* Task directions *
Return the listing below unchanged, except that the pictures are dropped.

==== Input material

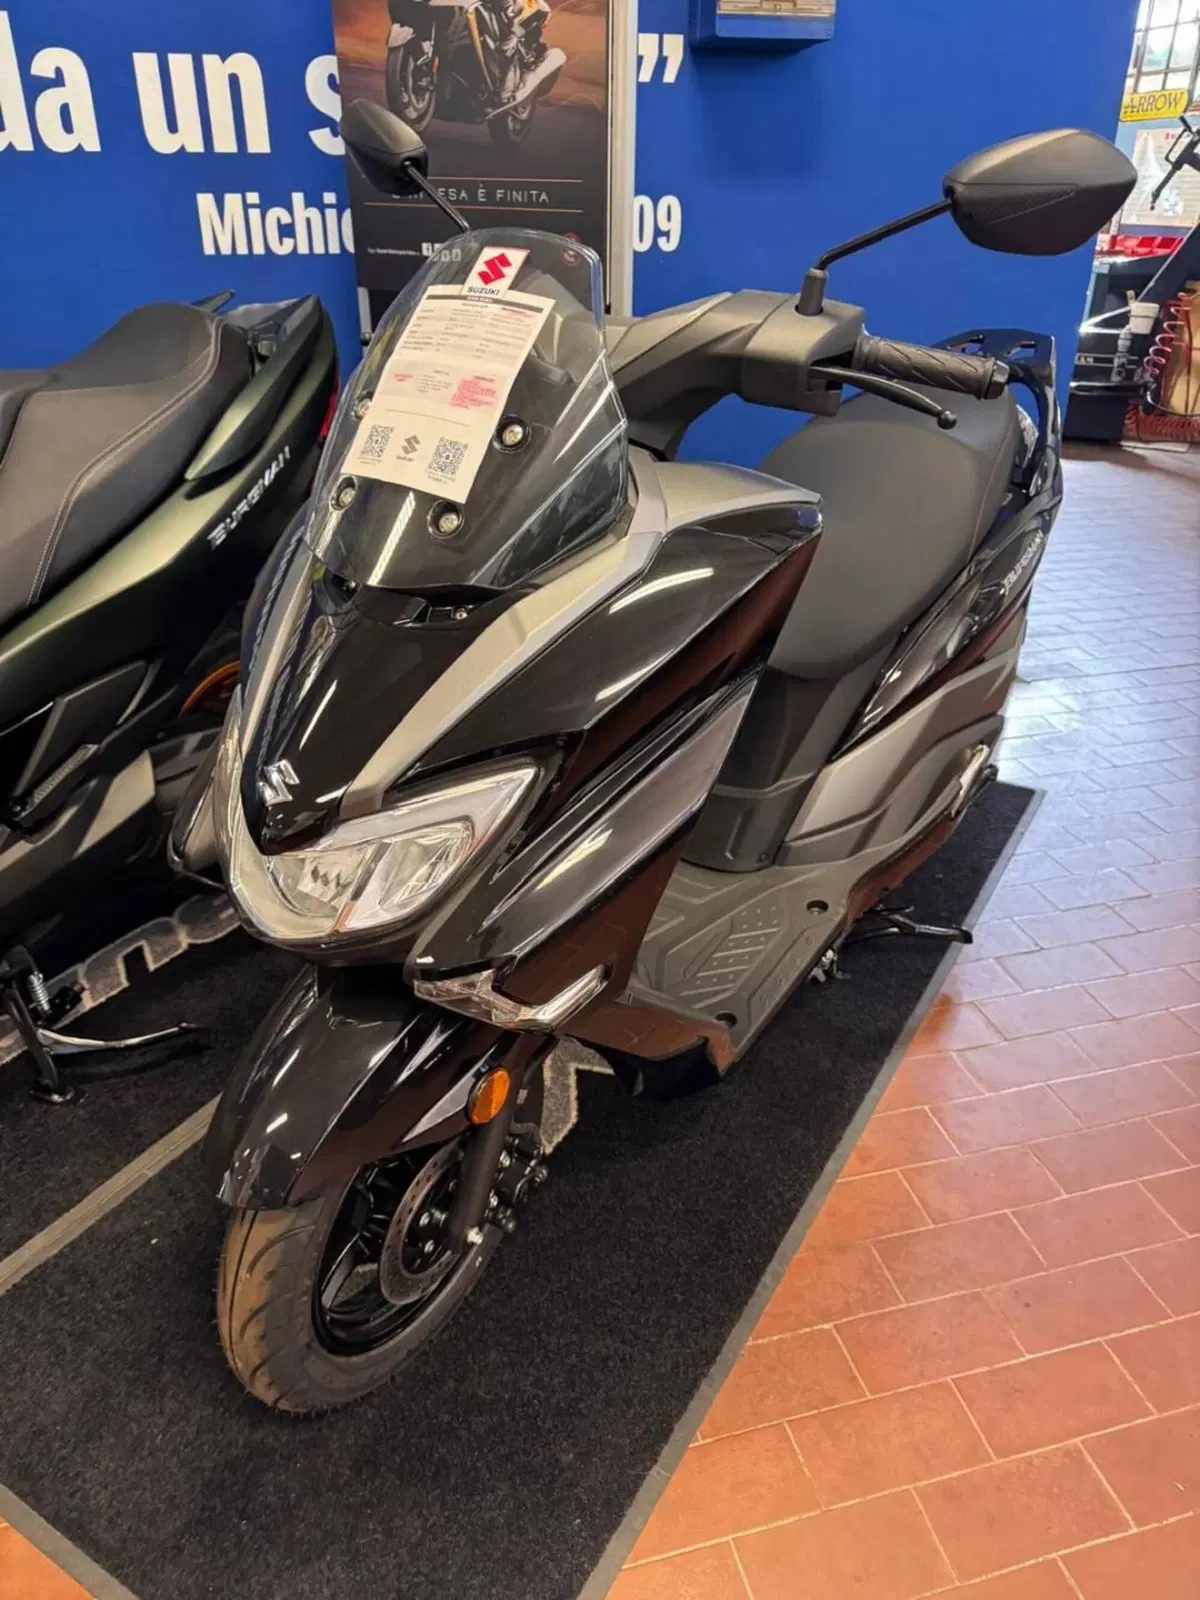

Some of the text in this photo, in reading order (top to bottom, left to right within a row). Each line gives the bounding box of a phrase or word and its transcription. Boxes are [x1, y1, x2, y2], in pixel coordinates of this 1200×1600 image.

[132, 52, 271, 154] un
[1123, 92, 1184, 114] ARROW
[496, 189, 549, 203] FINITA
[466, 286, 500, 296] SUZUKI
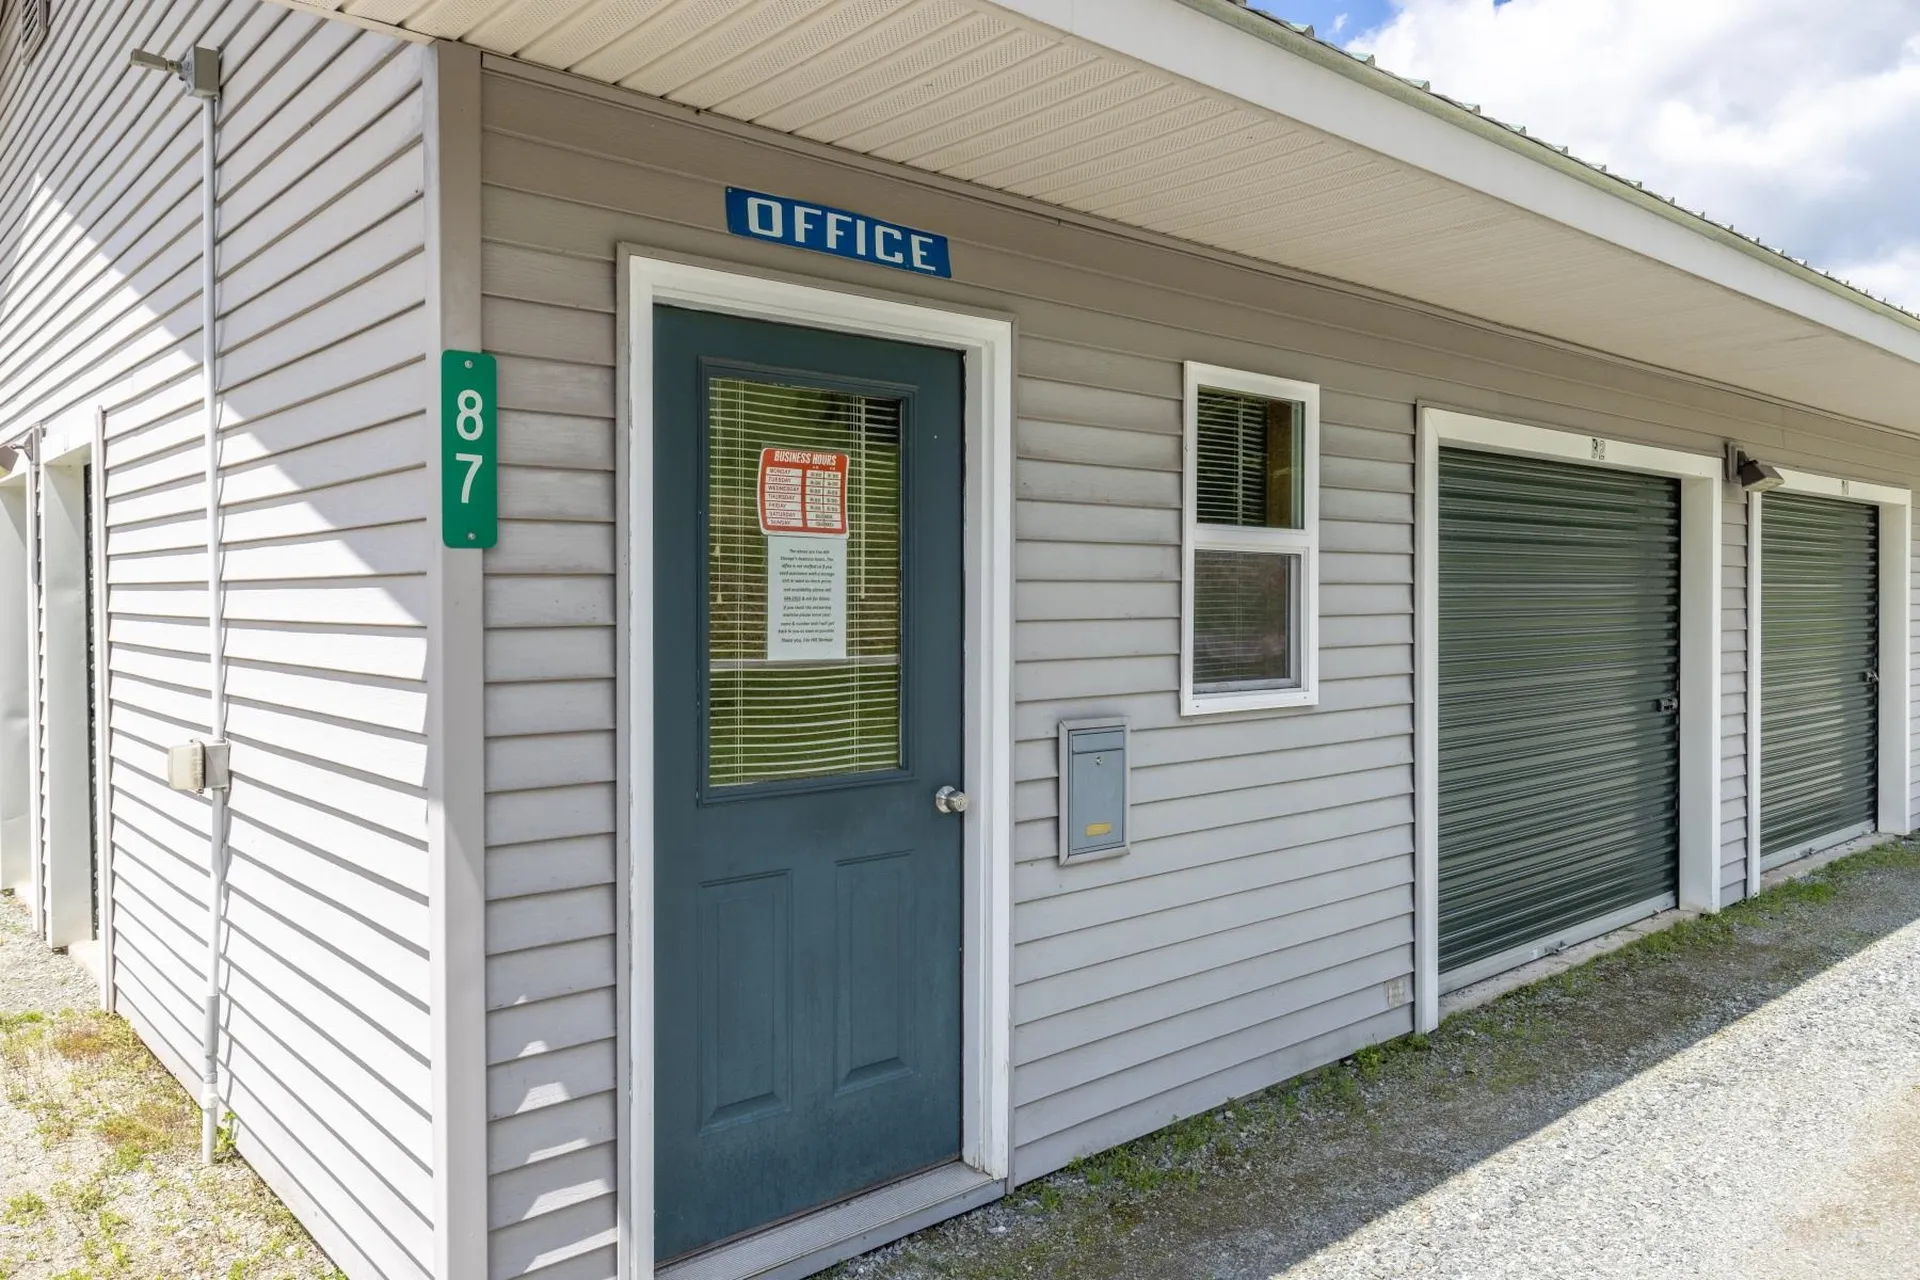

========

* Reply *
Some of the text in this photo, in reading order (top to bottom, left to right within a row). Each line gives the bounding box of a phrase or word and its transcription. Boxes are [x1, y1, x2, y2], in pixel coordinates of this 1200×1600 image.

[132, 52, 271, 154] un
[1123, 92, 1184, 114] ARROW
[496, 189, 549, 203] FINITA
[466, 286, 500, 296] SUZUKI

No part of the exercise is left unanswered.